Luego Raja Todor Mal y un grupo de soldados llegaron entre ellos, ejecutando con espadas a los mirzas y a los afganos que habían estado al frente de la rebelión. Uno de los mirzas vio a Bistami y gritó:

—¡Bistami, sálvame! ¡Sálvame!

Un segundo después estaba decapitado, el cuerpo vertía su sangre en la ribera por el cuello abierto. Bistami se alejó de allí, Raja Todor Mal lo observaba.

Era obvio que Akbar oyó más tarde acerca de esto, ya que durante toda la lenta marcha de regreso a Fatepur Sikri, a pesar de la triunfante naturaleza de la procesión, y el evidente buen humor de Akbar, no llamó a Bistami para que se presentara ante él. Incluso a pesar del hecho de que el ataque relámpago contra los rebeldes había sido idea de Bistami. O tal vez fuera debido a eso. Raja Todor Mal y sus amigotes no podían estar demasiado contentos con él.

Las cosas no iban bien; nada en el gran festejo de la victoria en Fatepur Sikri, sólo cuarenta y tres días después de la partida, hizo que Bistami se sintiera un poco mejor. Al contrario, se sentía cada vez más y más aprensivo, a medida que los días iban pasando y Akbar no acudía a la tumba de Chishti.

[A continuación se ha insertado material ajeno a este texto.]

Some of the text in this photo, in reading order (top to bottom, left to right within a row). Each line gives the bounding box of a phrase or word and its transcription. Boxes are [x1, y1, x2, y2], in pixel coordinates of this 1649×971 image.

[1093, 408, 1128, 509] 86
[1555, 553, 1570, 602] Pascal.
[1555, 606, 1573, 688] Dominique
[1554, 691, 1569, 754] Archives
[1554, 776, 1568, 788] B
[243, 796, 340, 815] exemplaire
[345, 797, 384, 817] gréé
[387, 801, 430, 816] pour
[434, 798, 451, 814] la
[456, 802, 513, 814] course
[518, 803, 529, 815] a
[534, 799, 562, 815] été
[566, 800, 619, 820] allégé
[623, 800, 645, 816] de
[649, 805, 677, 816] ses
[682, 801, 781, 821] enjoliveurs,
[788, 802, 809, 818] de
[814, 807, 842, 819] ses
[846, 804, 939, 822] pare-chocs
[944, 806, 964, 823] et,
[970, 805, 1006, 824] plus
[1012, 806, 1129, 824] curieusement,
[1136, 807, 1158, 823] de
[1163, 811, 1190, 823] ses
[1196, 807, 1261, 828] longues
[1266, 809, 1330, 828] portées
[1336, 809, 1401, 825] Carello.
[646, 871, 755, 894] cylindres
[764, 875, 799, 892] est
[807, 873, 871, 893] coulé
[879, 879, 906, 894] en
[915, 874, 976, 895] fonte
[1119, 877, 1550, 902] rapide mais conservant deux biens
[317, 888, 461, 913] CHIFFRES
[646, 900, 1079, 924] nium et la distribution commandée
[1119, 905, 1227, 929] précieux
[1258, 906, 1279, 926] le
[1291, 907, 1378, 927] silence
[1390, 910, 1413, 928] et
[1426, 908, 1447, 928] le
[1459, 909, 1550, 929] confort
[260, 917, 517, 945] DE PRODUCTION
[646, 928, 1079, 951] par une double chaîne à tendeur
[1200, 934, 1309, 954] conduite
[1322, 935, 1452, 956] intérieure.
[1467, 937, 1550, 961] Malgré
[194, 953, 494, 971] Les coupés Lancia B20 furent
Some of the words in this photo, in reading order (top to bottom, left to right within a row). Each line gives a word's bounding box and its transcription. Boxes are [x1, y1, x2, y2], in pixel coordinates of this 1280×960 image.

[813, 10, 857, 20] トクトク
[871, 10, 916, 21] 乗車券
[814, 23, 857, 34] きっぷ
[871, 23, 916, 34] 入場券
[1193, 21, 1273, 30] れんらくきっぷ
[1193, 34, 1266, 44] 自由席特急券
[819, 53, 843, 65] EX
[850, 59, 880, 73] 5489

En cambio, una mañana aparecieron allí tres guardias. Se les había encomendado que vigilaran a Bistami en la tumba, también de regreso en su propia casa. Le informaron de que no tenía permitido ir a ningún otro sitio aparte de estos dos lugares. Estaba bajo arresto domiciliario.

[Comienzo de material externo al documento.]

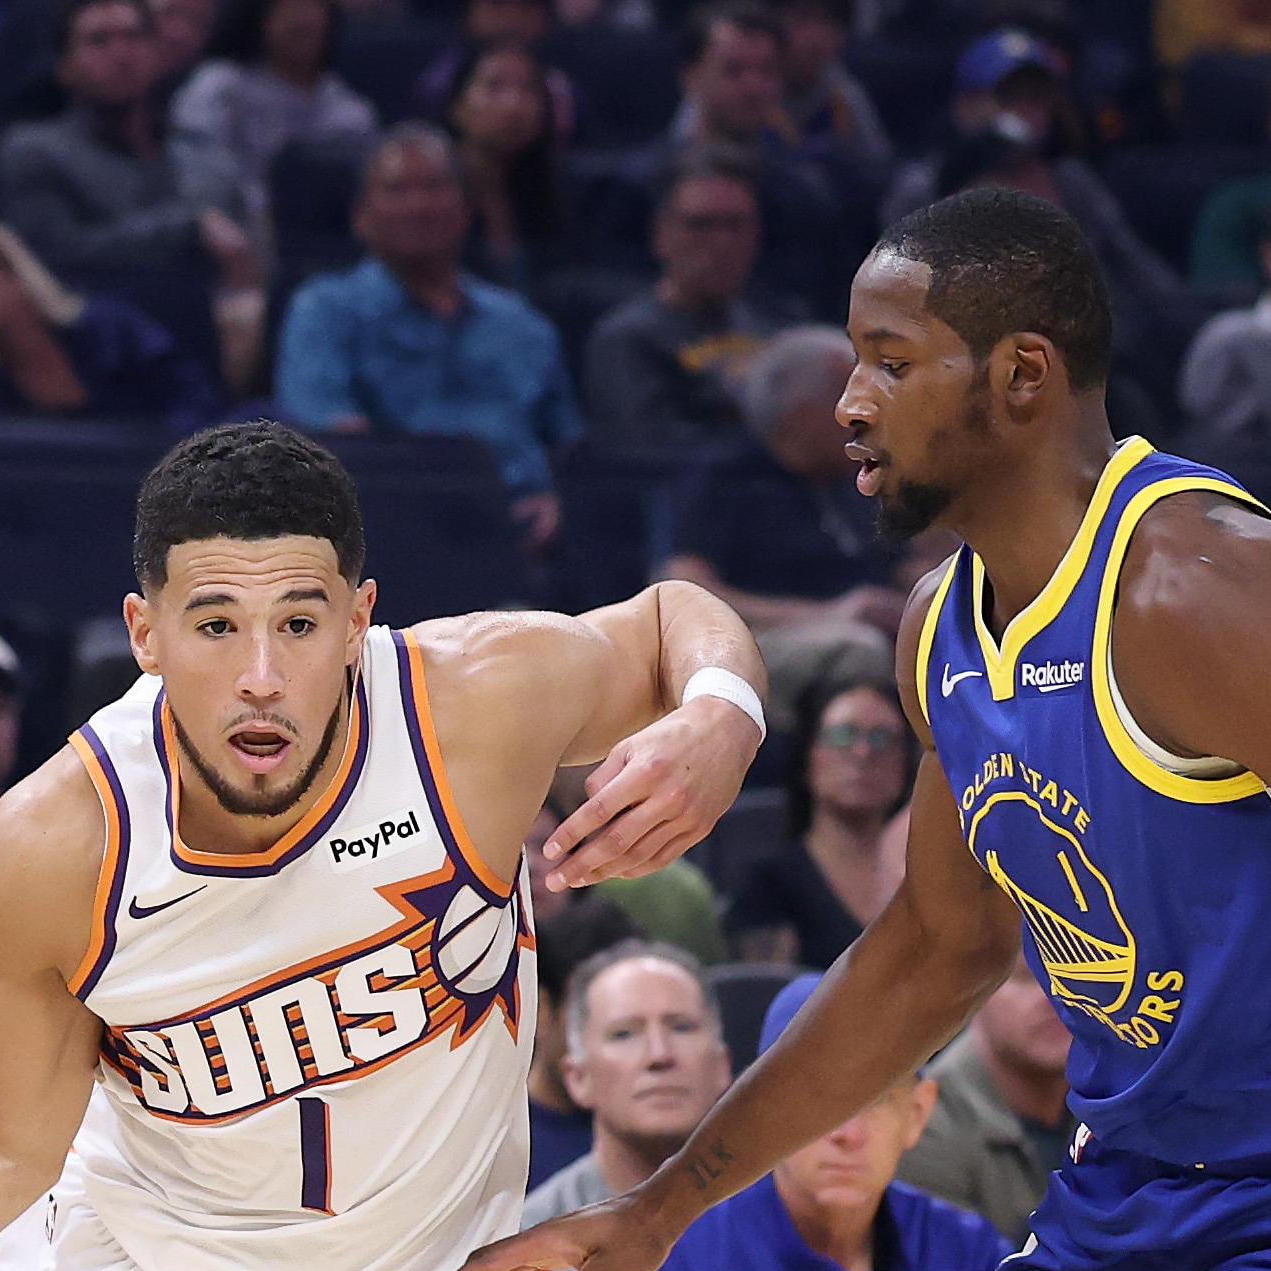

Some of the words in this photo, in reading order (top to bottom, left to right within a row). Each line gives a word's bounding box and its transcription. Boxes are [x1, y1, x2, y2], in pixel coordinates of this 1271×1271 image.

[329, 810, 421, 863] PayPal
[958, 752, 1015, 830] OLDEN
[123, 944, 428, 1116] SUNS
[295, 1097, 337, 1217] 1

Aquél era el preludio habitual del interrogatorio y posterior ejecución de los traidores. Bistami pudo ver en los ojos de los guardias que esta vez no era ninguna excepción, y que ya lo consideraban un hombre muerto. Le resultaba muy difícil creer que Akbar se había vuelto contra él; luchaba por entenderlo. El miedo crecía en él día a día. La imagen del cuerpo decapitado del mirza, chorreando sangre, se le aparecía una y otra vez, y cada vez hacía que su propia sangre se acelerara como en busca de una manera de escapar, ansiando derramarse en una rebosante fuente roja.